*** Block opens ***

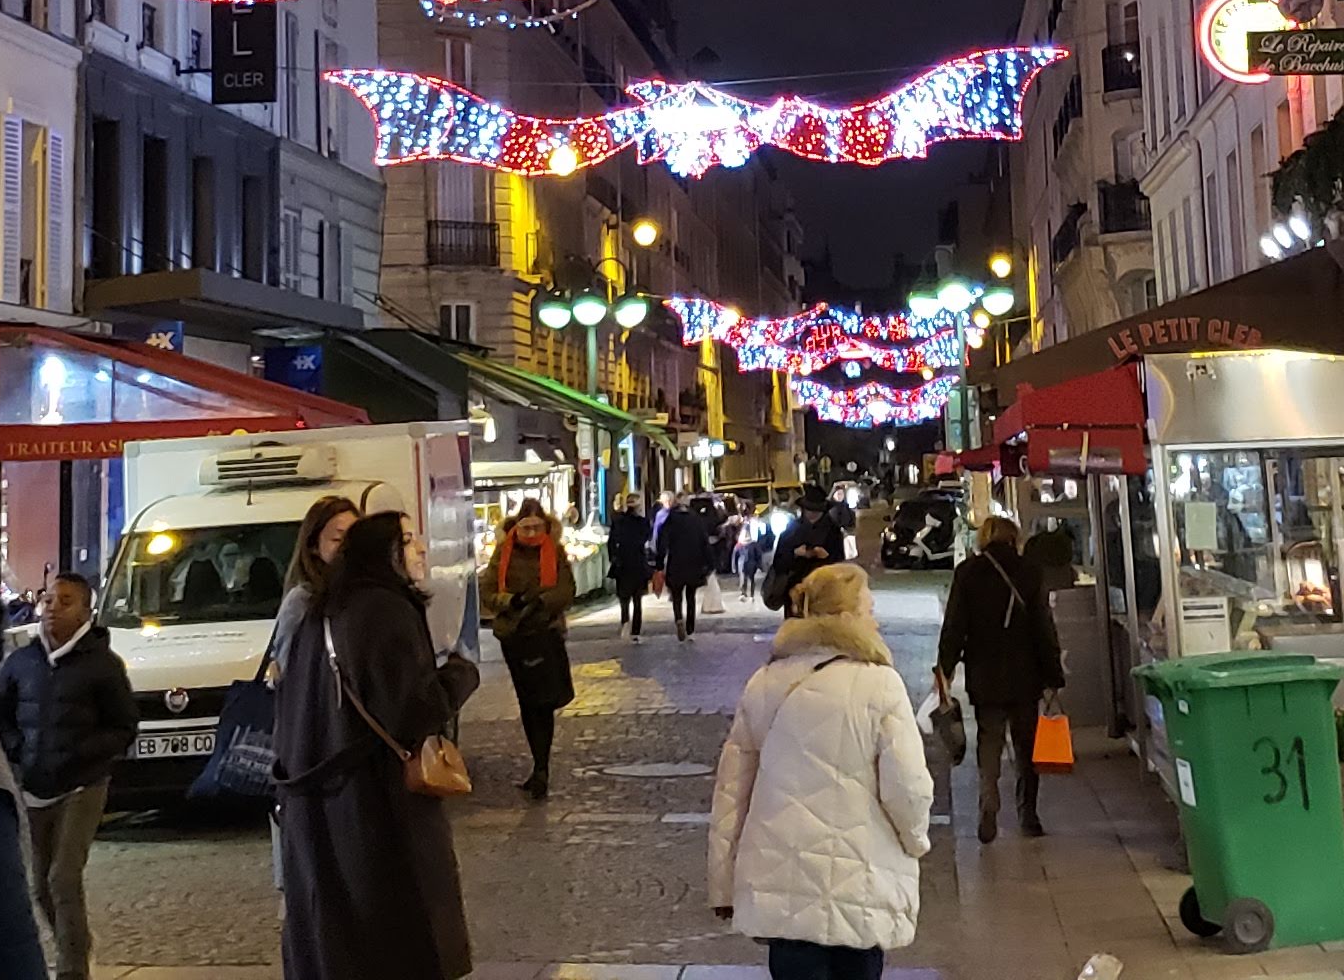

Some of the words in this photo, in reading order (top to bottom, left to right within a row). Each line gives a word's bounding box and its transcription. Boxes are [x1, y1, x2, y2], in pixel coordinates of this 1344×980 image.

[223, 72, 264, 88] CLER
[1108, 329, 1139, 360] LE
[1139, 317, 1201, 348] PETIT
[7, 441, 93, 457] TRAITEUR
[139, 739, 156, 754] EB
[1252, 735, 1311, 812] 31
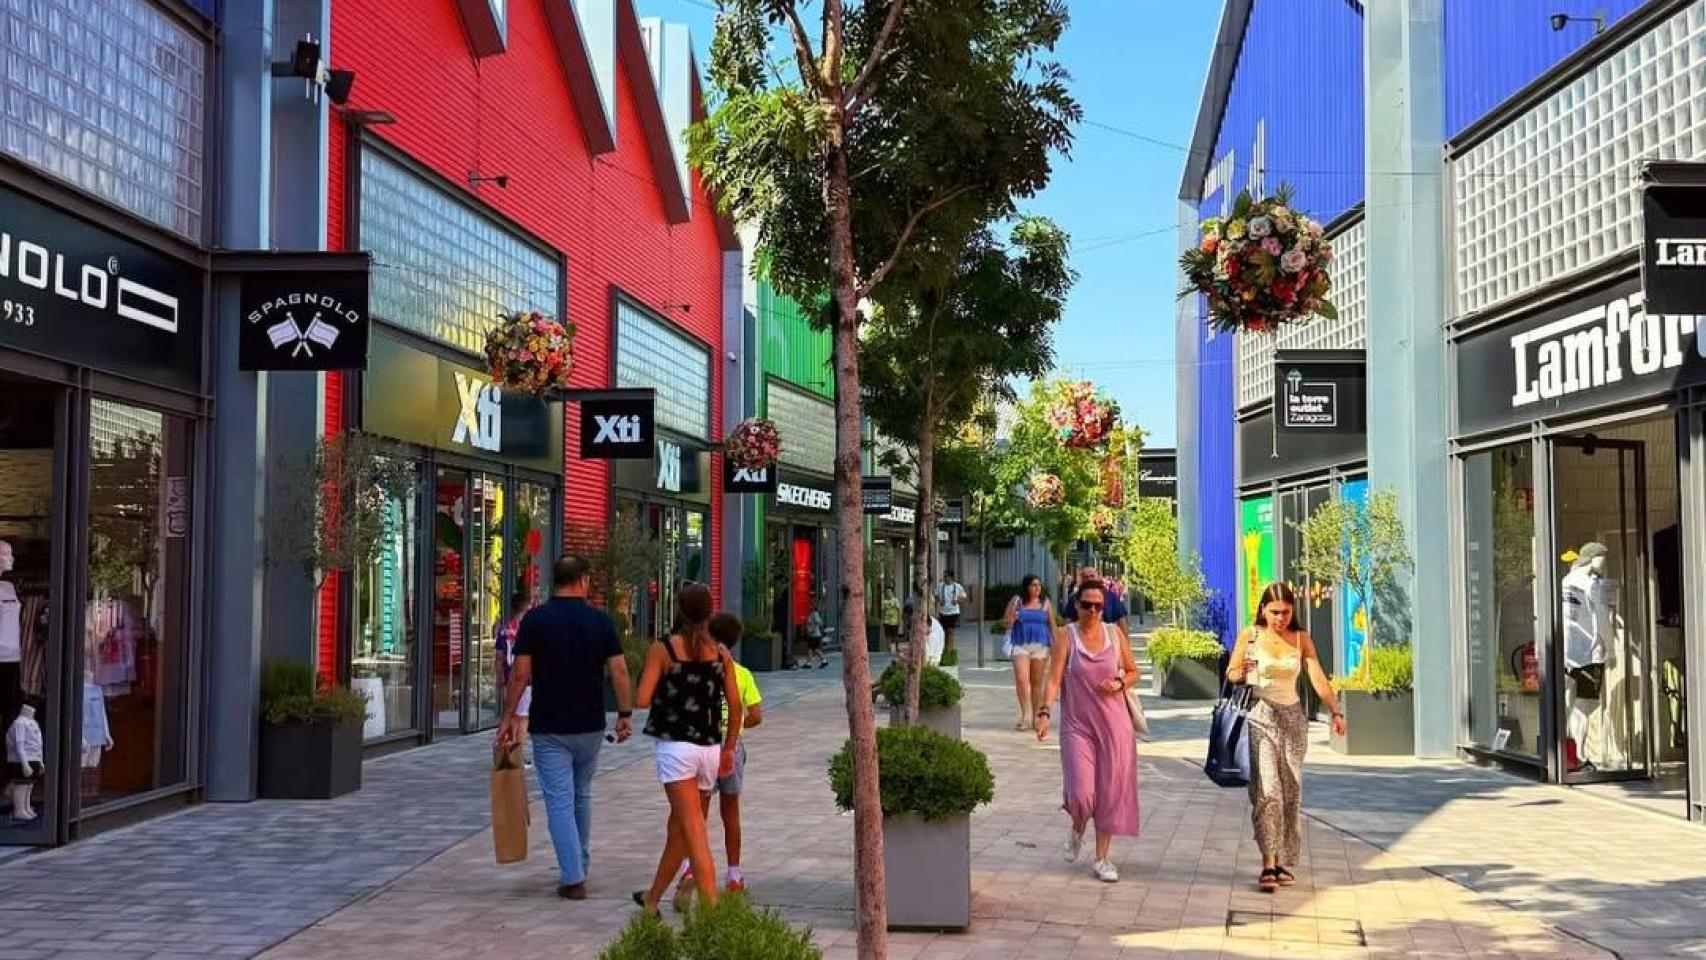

*** Block closes ***

Would you set down the records exactly, with no pictures included?

Some of the words in this photo, in reading order (top to bottom, left to right within a row). Each line gives a word's bounding box and its transcription. Boxes are [x1, y1, x2, y2], in pixel coordinates of this 1344×980 image.

[223, 72, 264, 88] CLER
[1108, 329, 1139, 360] LE
[1139, 317, 1201, 348] PETIT
[7, 441, 93, 457] TRAITEUR
[139, 739, 156, 754] EB
[1252, 735, 1311, 812] 31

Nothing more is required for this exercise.